There is a military presence everywhere. In the barn belonging to our monastery, they have made effigies out of straw and dressed them in Tibetan robes. The Chinese soldiers use them for doing bayonet practice. It seems that their enemy are the Tibetan people and the robe-wearing monks. Not all arrested Tibetans were involved in protests. Why are they stabbing their bayonets on the effigy with Tibetan dress as their military exercise? It is not just monks who are suffering as a result of the Chinese viewing Tibetans as their enemy…..even Tibetan staff members, students and the ordinary Tibetans…. all are suffering. This big government, big country, and big nationality is using weapons, tanks and cannons on a small, humble people such as the Tibetans. Thousands of soldiers are surrounding us. ‘Kill the Tibetans who are disobedient’, they order.

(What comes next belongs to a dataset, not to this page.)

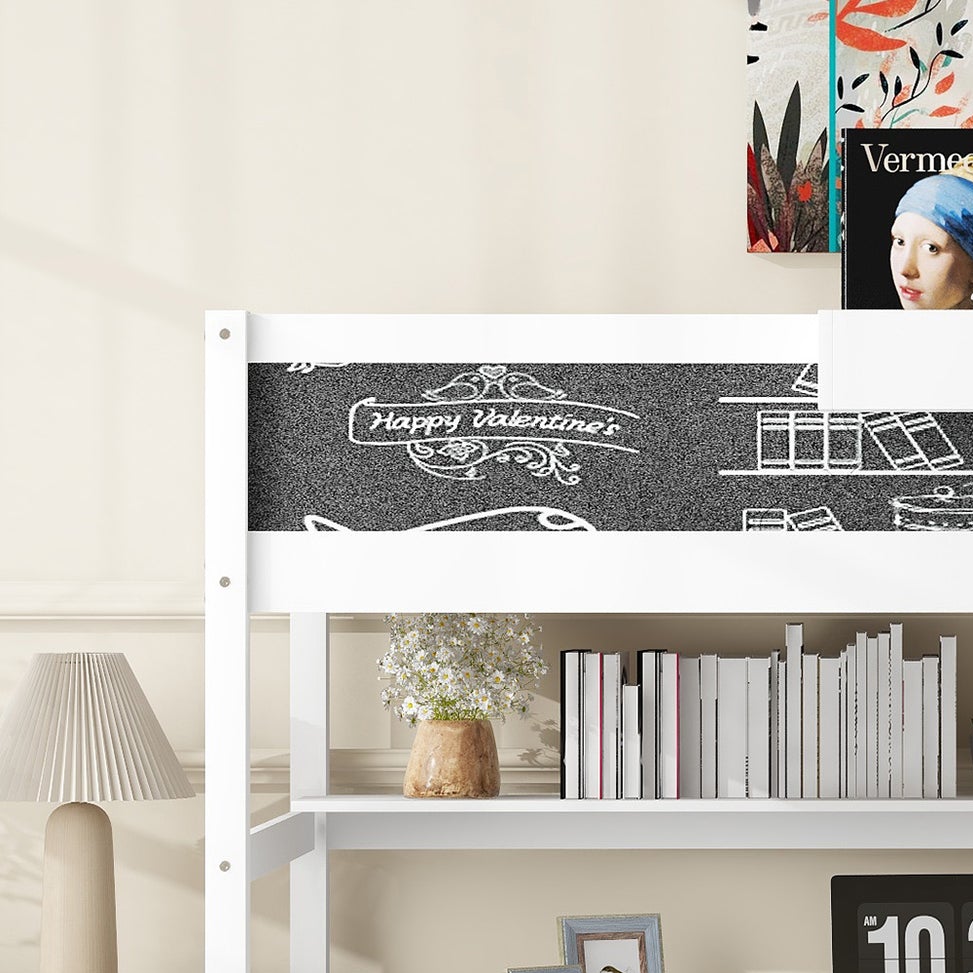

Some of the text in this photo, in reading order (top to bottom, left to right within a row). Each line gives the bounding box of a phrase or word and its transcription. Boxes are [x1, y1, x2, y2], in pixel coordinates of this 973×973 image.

[369, 408, 621, 436] Happy Valentine's
[863, 915, 877, 927] AM
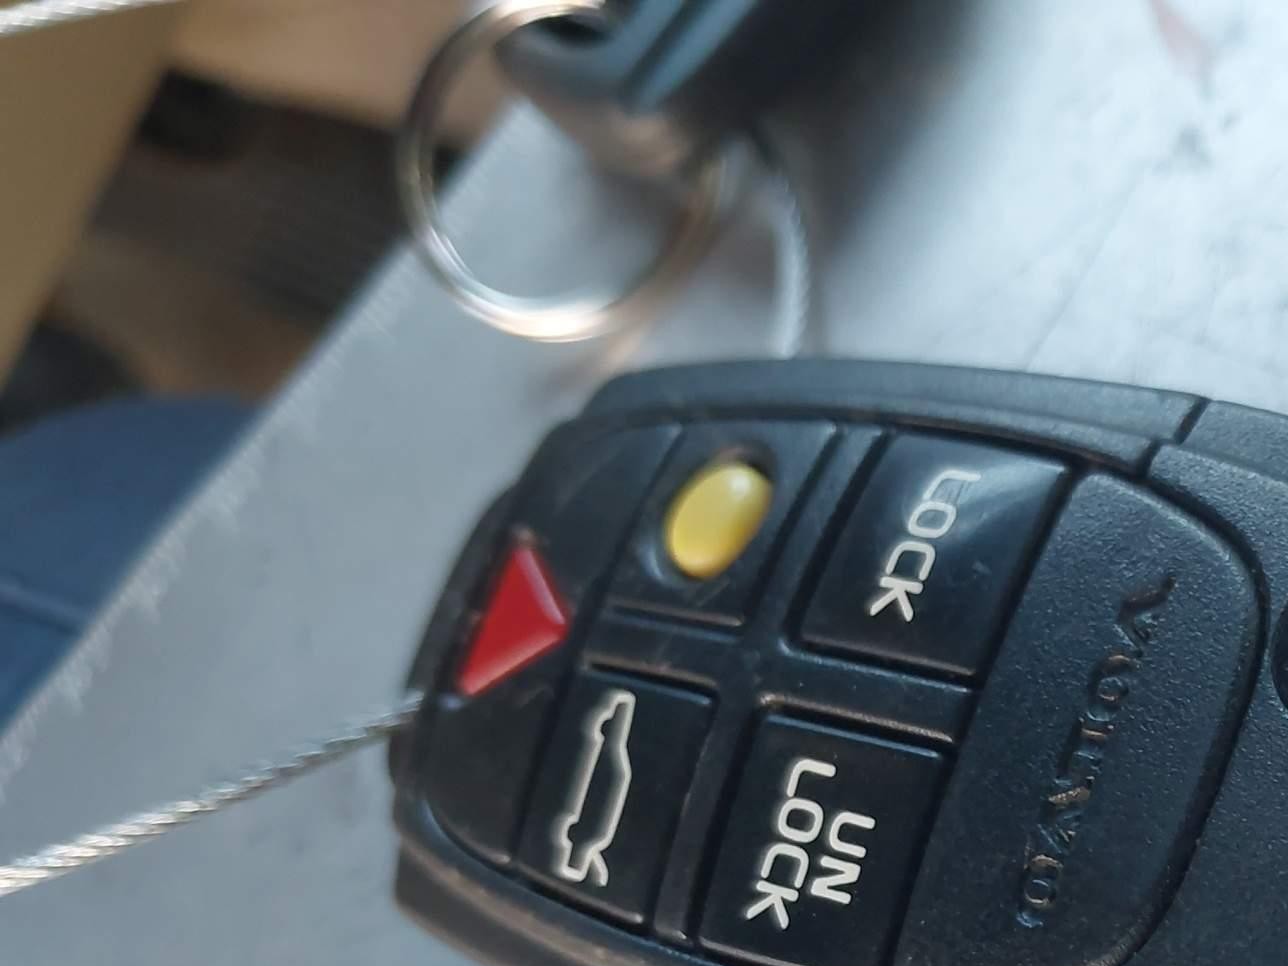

In this 21st century, the people of the world are walking on the path to world peace. The peace-loving people and the supporters of truth should expose China for blocking the media and restricting reporters from seeing what is going on inside Tibet. I would like the world’s press, the United Nations and human rights organizations to pay attention and find a solution to the current dire situation for the Tibetan people. You can pressure China to conduct meaningful dialogue with the Dalai Lama's representatives for a mutually beneficial solution to the Tibet-China issue. It is the hope and wish of the Tibetans inside Tibet to invite the Dalai Lama to Tibet. The Chinese Communist Party has stated that stability and unity are important goals for the nation. Now if both the Dalai Lama and the CCP work together to solve the Tibet-China issue through dialogue for the mutual benefit of both the Chinese and Tibetans, there is no reason why genuine and long lasting peace, stability and unity cannot be achieved.